What is being asked =
Please retype the records below exactly as they stand.

[Collected data]
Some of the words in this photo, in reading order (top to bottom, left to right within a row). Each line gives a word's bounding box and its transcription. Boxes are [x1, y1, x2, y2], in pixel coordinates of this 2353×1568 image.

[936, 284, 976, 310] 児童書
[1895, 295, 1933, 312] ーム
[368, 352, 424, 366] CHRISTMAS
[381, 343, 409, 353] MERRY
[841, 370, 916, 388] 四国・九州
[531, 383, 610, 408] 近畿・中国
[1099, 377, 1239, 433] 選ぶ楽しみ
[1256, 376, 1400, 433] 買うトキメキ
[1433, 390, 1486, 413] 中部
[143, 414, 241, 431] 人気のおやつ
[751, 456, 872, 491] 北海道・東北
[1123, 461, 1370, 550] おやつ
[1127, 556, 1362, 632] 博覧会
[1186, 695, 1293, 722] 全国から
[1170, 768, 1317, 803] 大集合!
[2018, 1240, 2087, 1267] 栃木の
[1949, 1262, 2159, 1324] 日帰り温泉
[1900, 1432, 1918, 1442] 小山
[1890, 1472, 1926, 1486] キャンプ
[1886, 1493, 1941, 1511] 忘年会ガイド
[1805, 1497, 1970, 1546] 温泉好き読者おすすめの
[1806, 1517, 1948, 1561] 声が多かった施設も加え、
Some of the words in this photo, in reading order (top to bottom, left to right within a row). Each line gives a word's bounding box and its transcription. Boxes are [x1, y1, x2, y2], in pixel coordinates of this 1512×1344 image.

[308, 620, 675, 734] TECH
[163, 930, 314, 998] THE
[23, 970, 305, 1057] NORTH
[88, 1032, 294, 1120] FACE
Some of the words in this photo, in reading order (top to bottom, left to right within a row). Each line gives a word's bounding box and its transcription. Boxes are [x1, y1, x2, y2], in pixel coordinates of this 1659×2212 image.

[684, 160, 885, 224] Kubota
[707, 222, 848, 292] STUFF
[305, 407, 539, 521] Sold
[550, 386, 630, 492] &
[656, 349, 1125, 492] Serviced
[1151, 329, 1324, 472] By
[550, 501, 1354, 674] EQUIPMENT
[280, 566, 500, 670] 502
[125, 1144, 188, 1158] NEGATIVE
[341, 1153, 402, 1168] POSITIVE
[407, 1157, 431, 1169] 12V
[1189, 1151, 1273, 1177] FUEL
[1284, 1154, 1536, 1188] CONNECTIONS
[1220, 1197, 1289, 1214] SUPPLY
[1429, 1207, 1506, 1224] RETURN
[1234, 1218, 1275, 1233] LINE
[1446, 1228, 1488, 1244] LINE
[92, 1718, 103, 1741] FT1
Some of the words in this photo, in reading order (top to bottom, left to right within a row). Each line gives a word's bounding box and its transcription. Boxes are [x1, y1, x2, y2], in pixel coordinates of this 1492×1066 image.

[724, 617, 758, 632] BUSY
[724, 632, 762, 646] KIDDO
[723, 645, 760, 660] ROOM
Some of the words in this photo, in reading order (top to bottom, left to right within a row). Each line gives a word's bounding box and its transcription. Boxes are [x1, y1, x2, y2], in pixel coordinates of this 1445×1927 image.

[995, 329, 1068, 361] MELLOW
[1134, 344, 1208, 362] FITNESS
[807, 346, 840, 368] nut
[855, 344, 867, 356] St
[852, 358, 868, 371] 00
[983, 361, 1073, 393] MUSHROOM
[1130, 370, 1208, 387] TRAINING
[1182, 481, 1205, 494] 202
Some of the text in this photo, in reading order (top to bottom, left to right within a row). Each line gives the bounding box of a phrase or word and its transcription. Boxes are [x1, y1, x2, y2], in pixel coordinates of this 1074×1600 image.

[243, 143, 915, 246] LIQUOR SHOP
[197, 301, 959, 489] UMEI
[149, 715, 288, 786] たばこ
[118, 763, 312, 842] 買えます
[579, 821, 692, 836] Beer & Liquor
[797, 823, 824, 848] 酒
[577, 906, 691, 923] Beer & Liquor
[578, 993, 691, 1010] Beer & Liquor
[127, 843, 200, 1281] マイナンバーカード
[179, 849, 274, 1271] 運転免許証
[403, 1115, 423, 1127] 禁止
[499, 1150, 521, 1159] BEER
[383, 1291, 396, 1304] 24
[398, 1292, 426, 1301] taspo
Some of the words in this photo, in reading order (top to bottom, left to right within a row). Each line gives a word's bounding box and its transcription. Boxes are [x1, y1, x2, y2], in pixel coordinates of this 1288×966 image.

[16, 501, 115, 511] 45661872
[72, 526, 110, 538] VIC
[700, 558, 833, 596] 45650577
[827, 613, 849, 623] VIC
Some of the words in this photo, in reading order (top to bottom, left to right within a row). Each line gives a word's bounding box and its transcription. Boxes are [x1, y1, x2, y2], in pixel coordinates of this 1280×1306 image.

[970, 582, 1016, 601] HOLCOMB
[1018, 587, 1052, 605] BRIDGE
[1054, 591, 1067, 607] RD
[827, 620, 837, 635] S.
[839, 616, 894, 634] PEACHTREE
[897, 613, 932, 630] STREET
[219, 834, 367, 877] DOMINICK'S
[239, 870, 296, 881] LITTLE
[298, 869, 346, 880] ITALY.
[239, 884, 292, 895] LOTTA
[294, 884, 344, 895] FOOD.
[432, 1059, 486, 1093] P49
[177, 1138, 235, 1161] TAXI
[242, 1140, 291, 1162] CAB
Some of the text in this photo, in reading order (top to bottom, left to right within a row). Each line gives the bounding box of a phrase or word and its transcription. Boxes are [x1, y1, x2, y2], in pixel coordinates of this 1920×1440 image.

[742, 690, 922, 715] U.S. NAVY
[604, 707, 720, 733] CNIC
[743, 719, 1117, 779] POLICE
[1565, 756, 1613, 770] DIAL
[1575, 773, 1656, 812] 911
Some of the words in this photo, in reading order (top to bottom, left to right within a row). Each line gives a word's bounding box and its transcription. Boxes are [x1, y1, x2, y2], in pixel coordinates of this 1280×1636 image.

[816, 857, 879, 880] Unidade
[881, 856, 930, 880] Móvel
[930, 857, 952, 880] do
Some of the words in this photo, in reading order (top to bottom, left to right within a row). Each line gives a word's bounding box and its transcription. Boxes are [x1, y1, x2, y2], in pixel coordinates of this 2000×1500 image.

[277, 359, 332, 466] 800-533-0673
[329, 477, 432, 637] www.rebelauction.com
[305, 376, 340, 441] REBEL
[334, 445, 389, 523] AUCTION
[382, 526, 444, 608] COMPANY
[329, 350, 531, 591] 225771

Finished task =
Some of the words in this photo, in reading order (top to bottom, left to right within a row). Each line gives a word's bounding box and its transcription. Boxes are [x1, y1, x2, y2], in pixel coordinates of this 2353×1568 image.

[936, 284, 976, 310] 児童書
[1895, 295, 1933, 312] ーム
[368, 352, 424, 366] CHRISTMAS
[381, 343, 409, 353] MERRY
[841, 370, 916, 388] 四国・九州
[531, 383, 610, 408] 近畿・中国
[1099, 377, 1239, 433] 選ぶ楽しみ
[1256, 376, 1400, 433] 買うトキメキ
[1433, 390, 1486, 413] 中部
[143, 414, 241, 431] 人気のおやつ
[751, 456, 872, 491] 北海道・東北
[1123, 461, 1370, 550] おやつ
[1127, 556, 1362, 632] 博覧会
[1186, 695, 1293, 722] 全国から
[1170, 768, 1317, 803] 大集合!
[2018, 1240, 2087, 1267] 栃木の
[1949, 1262, 2159, 1324] 日帰り温泉
[1900, 1432, 1918, 1442] 小山
[1890, 1472, 1926, 1486] キャンプ
[1886, 1493, 1941, 1511] 忘年会ガイド
[1805, 1497, 1970, 1546] 温泉好き読者おすすめの
[1806, 1517, 1948, 1561] 声が多かった施設も加え、
Some of the words in this photo, in reading order (top to bottom, left to right within a row). Each line gives a word's bounding box and its transcription. Boxes are [x1, y1, x2, y2], in pixel coordinates of this 1512×1344 image.

[308, 620, 675, 734] TECH
[163, 930, 314, 998] THE
[23, 970, 305, 1057] NORTH
[88, 1032, 294, 1120] FACE
Some of the words in this photo, in reading order (top to bottom, left to right within a row). Each line gives a word's bounding box and its transcription. Boxes are [x1, y1, x2, y2], in pixel coordinates of this 1659×2212 image.

[684, 160, 885, 224] Kubota
[707, 222, 848, 292] STUFF
[305, 407, 539, 521] Sold
[550, 386, 630, 492] &
[656, 349, 1125, 492] Serviced
[1151, 329, 1324, 472] By
[550, 501, 1354, 674] EQUIPMENT
[280, 566, 500, 670] 502
[125, 1144, 188, 1158] NEGATIVE
[341, 1153, 402, 1168] POSITIVE
[407, 1157, 431, 1169] 12V
[1189, 1151, 1273, 1177] FUEL
[1284, 1154, 1536, 1188] CONNECTIONS
[1220, 1197, 1289, 1214] SUPPLY
[1429, 1207, 1506, 1224] RETURN
[1234, 1218, 1275, 1233] LINE
[1446, 1228, 1488, 1244] LINE
[92, 1718, 103, 1741] FT1
Some of the words in this photo, in reading order (top to bottom, left to right within a row). Each line gives a word's bounding box and its transcription. Boxes are [x1, y1, x2, y2], in pixel coordinates of this 1492×1066 image.

[724, 617, 758, 632] BUSY
[724, 632, 762, 646] KIDDO
[723, 645, 760, 660] ROOM
Some of the words in this photo, in reading order (top to bottom, left to right within a row). Each line gives a word's bounding box and its transcription. Boxes are [x1, y1, x2, y2], in pixel coordinates of this 1445×1927 image.

[995, 329, 1068, 361] MELLOW
[1134, 344, 1208, 362] FITNESS
[807, 346, 840, 368] nut
[855, 344, 867, 356] St
[852, 358, 868, 371] 00
[983, 361, 1073, 393] MUSHROOM
[1130, 370, 1208, 387] TRAINING
[1182, 481, 1205, 494] 202
Some of the text in this photo, in reading order (top to bottom, left to right within a row). Each line gives the bounding box of a phrase or word and its transcription. Boxes are [x1, y1, x2, y2], in pixel coordinates of this 1074×1600 image.

[243, 143, 915, 246] LIQUOR SHOP
[197, 301, 959, 489] UMEI
[149, 715, 288, 786] たばこ
[118, 763, 312, 842] 買えます
[579, 821, 692, 836] Beer & Liquor
[797, 823, 824, 848] 酒
[577, 906, 691, 923] Beer & Liquor
[578, 993, 691, 1010] Beer & Liquor
[127, 843, 200, 1281] マイナンバーカード
[179, 849, 274, 1271] 運転免許証
[403, 1115, 423, 1127] 禁止
[499, 1150, 521, 1159] BEER
[383, 1291, 396, 1304] 24
[398, 1292, 426, 1301] taspo
Some of the words in this photo, in reading order (top to bottom, left to right within a row). Each line gives a word's bounding box and its transcription. Boxes are [x1, y1, x2, y2], in pixel coordinates of this 1288×966 image.

[16, 501, 115, 511] 45661872
[72, 526, 110, 538] VIC
[700, 558, 833, 596] 45650577
[827, 613, 849, 623] VIC
Some of the words in this photo, in reading order (top to bottom, left to right within a row). Each line gives a word's bounding box and its transcription. Boxes are [x1, y1, x2, y2], in pixel coordinates of this 1280×1306 image.

[970, 582, 1016, 601] HOLCOMB
[1018, 587, 1052, 605] BRIDGE
[1054, 591, 1067, 607] RD
[827, 620, 837, 635] S.
[839, 616, 894, 634] PEACHTREE
[897, 613, 932, 630] STREET
[219, 834, 367, 877] DOMINICK'S
[239, 870, 296, 881] LITTLE
[298, 869, 346, 880] ITALY.
[239, 884, 292, 895] LOTTA
[294, 884, 344, 895] FOOD.
[432, 1059, 486, 1093] P49
[177, 1138, 235, 1161] TAXI
[242, 1140, 291, 1162] CAB
Some of the text in this photo, in reading order (top to bottom, left to right within a row). Each line gives the bounding box of a phrase or word and its transcription. Boxes are [x1, y1, x2, y2], in pixel coordinates of this 1920×1440 image.

[742, 690, 922, 715] U.S. NAVY
[604, 707, 720, 733] CNIC
[743, 719, 1117, 779] POLICE
[1565, 756, 1613, 770] DIAL
[1575, 773, 1656, 812] 911
Some of the words in this photo, in reading order (top to bottom, left to right within a row). Each line gives a word's bounding box and its transcription. Boxes are [x1, y1, x2, y2], in pixel coordinates of this 1280×1636 image.

[816, 857, 879, 880] Unidade
[881, 856, 930, 880] Móvel
[930, 857, 952, 880] do
Some of the words in this photo, in reading order (top to bottom, left to right within a row). Each line gives a word's bounding box and its transcription. Boxes are [x1, y1, x2, y2], in pixel coordinates of this 2000×1500 image.

[277, 359, 332, 466] 800-533-0673
[329, 477, 432, 637] www.rebelauction.com
[305, 376, 340, 441] REBEL
[334, 445, 389, 523] AUCTION
[382, 526, 444, 608] COMPANY
[329, 350, 531, 591] 225771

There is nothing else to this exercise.